[Stored data]

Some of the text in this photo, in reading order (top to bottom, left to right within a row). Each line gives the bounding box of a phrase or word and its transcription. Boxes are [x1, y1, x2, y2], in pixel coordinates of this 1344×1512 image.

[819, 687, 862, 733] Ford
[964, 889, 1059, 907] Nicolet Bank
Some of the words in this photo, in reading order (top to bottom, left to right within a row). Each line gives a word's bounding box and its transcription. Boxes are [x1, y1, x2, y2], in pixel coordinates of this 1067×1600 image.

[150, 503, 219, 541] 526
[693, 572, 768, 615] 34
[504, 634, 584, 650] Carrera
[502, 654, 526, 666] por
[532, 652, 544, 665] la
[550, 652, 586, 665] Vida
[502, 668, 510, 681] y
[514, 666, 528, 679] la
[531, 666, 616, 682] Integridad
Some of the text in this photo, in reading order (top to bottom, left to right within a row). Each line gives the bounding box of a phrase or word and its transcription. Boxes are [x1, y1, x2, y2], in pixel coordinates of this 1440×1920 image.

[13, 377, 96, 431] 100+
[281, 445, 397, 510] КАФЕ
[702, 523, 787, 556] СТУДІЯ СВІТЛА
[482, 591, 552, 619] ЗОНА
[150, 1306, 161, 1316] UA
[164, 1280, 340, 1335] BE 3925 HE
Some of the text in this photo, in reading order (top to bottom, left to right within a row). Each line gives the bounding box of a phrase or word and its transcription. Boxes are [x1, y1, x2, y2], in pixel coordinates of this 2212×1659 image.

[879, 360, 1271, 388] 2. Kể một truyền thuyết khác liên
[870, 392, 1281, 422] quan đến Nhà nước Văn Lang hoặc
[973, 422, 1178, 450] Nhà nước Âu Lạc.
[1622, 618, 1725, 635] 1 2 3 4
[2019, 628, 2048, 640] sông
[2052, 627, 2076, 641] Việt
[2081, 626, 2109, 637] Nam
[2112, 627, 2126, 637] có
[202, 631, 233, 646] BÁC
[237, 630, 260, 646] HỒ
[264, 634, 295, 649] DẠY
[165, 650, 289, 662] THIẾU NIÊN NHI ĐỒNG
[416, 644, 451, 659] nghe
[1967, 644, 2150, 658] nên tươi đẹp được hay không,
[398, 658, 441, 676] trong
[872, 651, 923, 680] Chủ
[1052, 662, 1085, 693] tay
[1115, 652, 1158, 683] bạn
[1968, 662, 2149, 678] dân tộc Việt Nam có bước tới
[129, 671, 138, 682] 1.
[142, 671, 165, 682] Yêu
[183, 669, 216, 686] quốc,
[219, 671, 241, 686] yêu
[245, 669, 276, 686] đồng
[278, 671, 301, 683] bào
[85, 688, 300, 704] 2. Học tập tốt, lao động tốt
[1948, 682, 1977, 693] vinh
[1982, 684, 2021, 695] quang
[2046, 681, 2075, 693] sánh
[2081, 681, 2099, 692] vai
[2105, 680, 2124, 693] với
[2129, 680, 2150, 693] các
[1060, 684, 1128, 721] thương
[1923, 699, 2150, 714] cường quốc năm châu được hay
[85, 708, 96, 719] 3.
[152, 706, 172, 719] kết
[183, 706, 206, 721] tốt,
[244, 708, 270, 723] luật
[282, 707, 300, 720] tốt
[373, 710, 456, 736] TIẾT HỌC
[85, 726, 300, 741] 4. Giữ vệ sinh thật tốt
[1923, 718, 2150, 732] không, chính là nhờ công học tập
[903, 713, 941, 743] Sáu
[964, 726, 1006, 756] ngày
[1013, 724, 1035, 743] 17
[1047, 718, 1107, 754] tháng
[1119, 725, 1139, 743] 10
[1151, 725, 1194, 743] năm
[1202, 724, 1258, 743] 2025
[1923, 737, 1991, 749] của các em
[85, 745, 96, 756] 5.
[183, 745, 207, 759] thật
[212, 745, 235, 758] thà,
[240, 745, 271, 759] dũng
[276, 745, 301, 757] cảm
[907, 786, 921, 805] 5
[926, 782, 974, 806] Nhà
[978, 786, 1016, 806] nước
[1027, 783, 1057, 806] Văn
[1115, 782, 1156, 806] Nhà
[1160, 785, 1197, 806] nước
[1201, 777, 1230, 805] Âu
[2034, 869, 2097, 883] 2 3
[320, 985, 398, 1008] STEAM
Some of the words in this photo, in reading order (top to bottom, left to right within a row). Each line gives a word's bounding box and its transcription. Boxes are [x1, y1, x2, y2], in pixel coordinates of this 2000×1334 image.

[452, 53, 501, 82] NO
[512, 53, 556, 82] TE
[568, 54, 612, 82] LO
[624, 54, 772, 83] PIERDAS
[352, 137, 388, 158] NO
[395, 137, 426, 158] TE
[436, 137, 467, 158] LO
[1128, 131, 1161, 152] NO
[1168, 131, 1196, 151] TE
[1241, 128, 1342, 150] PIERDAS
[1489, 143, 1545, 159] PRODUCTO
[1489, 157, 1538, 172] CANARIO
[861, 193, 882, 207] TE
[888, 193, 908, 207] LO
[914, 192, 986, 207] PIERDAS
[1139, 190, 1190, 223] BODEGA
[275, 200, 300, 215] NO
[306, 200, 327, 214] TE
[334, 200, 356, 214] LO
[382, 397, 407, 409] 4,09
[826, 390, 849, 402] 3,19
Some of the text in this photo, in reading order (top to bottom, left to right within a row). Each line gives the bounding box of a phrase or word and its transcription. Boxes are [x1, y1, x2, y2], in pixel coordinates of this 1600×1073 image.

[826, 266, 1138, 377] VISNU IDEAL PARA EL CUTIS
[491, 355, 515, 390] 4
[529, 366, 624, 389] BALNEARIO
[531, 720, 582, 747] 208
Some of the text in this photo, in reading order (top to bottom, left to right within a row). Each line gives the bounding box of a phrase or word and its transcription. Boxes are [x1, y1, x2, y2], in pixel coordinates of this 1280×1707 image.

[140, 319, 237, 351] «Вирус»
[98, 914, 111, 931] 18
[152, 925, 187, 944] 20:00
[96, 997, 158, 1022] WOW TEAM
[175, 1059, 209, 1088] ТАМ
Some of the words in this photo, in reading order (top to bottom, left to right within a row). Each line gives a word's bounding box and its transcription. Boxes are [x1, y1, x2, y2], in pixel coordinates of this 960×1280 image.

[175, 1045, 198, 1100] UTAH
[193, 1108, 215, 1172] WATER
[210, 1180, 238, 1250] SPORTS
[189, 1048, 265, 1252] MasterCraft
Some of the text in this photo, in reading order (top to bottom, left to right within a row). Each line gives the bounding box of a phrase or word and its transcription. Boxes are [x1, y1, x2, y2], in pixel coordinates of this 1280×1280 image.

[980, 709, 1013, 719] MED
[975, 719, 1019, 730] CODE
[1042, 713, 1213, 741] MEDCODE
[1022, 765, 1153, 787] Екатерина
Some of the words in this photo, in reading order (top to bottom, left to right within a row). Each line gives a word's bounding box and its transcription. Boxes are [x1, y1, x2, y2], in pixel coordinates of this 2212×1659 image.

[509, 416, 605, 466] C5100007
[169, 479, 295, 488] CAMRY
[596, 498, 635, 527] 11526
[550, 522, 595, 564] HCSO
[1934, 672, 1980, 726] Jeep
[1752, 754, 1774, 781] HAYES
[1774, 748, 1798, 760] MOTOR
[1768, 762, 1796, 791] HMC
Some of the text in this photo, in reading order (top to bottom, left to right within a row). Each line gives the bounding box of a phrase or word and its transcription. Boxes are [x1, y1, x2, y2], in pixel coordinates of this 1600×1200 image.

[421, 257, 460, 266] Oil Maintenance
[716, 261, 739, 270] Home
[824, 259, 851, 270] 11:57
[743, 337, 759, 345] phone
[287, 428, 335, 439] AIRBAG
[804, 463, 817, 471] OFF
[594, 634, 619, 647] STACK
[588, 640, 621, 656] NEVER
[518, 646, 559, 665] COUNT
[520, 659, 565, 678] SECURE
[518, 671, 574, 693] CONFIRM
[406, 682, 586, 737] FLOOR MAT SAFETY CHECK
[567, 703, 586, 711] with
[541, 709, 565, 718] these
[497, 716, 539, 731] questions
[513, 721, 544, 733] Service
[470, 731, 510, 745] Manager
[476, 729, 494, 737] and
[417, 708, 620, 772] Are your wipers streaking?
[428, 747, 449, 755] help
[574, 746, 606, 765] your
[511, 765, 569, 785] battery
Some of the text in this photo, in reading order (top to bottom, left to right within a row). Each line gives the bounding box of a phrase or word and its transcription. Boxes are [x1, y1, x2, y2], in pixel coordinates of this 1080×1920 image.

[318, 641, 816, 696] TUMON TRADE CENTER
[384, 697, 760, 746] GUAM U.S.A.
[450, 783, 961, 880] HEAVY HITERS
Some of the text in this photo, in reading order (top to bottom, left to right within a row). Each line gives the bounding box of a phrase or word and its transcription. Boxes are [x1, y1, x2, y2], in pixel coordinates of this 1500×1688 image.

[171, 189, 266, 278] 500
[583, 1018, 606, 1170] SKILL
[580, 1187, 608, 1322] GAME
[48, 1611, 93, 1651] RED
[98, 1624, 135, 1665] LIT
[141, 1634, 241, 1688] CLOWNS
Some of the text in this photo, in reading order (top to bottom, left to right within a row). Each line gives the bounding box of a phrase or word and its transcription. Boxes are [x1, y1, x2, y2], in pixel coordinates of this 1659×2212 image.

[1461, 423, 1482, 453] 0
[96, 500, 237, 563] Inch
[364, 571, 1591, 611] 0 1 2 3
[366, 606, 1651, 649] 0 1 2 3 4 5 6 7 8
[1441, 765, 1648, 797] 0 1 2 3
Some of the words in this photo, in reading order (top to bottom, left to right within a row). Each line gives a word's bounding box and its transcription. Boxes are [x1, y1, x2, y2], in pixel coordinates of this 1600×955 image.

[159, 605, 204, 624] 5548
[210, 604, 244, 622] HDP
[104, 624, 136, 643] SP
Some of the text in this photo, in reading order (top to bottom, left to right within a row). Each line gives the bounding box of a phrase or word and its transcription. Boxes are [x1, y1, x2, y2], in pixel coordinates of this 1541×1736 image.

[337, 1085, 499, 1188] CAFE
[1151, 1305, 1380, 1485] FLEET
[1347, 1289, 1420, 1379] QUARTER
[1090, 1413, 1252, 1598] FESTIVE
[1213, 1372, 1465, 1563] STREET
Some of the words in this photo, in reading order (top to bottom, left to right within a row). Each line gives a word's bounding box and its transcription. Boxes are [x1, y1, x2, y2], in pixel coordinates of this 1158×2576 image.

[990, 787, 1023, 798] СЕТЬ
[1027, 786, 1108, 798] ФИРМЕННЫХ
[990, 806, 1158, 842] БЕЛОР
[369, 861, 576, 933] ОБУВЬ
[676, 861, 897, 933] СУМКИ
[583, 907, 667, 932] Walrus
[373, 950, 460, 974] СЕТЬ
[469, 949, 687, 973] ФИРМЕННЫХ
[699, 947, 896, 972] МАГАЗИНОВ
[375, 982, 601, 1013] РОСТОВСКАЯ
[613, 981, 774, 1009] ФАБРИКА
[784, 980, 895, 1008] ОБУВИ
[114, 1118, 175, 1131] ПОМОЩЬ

Task instructions
Could you print, exactly and with nothing else, the lines from the one containing "this 1541×1736 image." through the last line of the records above?

Finished task
Some of the text in this photo, in reading order (top to bottom, left to right within a row). Each line gives the bounding box of a phrase or word and its transcription. Boxes are [x1, y1, x2, y2], in pixel coordinates of this 1541×1736 image.

[337, 1085, 499, 1188] CAFE
[1151, 1305, 1380, 1485] FLEET
[1347, 1289, 1420, 1379] QUARTER
[1090, 1413, 1252, 1598] FESTIVE
[1213, 1372, 1465, 1563] STREET
Some of the words in this photo, in reading order (top to bottom, left to right within a row). Each line gives a word's bounding box and its transcription. Boxes are [x1, y1, x2, y2], in pixel coordinates of this 1158×2576 image.

[990, 787, 1023, 798] СЕТЬ
[1027, 786, 1108, 798] ФИРМЕННЫХ
[990, 806, 1158, 842] БЕЛОР
[369, 861, 576, 933] ОБУВЬ
[676, 861, 897, 933] СУМКИ
[583, 907, 667, 932] Walrus
[373, 950, 460, 974] СЕТЬ
[469, 949, 687, 973] ФИРМЕННЫХ
[699, 947, 896, 972] МАГАЗИНОВ
[375, 982, 601, 1013] РОСТОВСКАЯ
[613, 981, 774, 1009] ФАБРИКА
[784, 980, 895, 1008] ОБУВИ
[114, 1118, 175, 1131] ПОМОЩЬ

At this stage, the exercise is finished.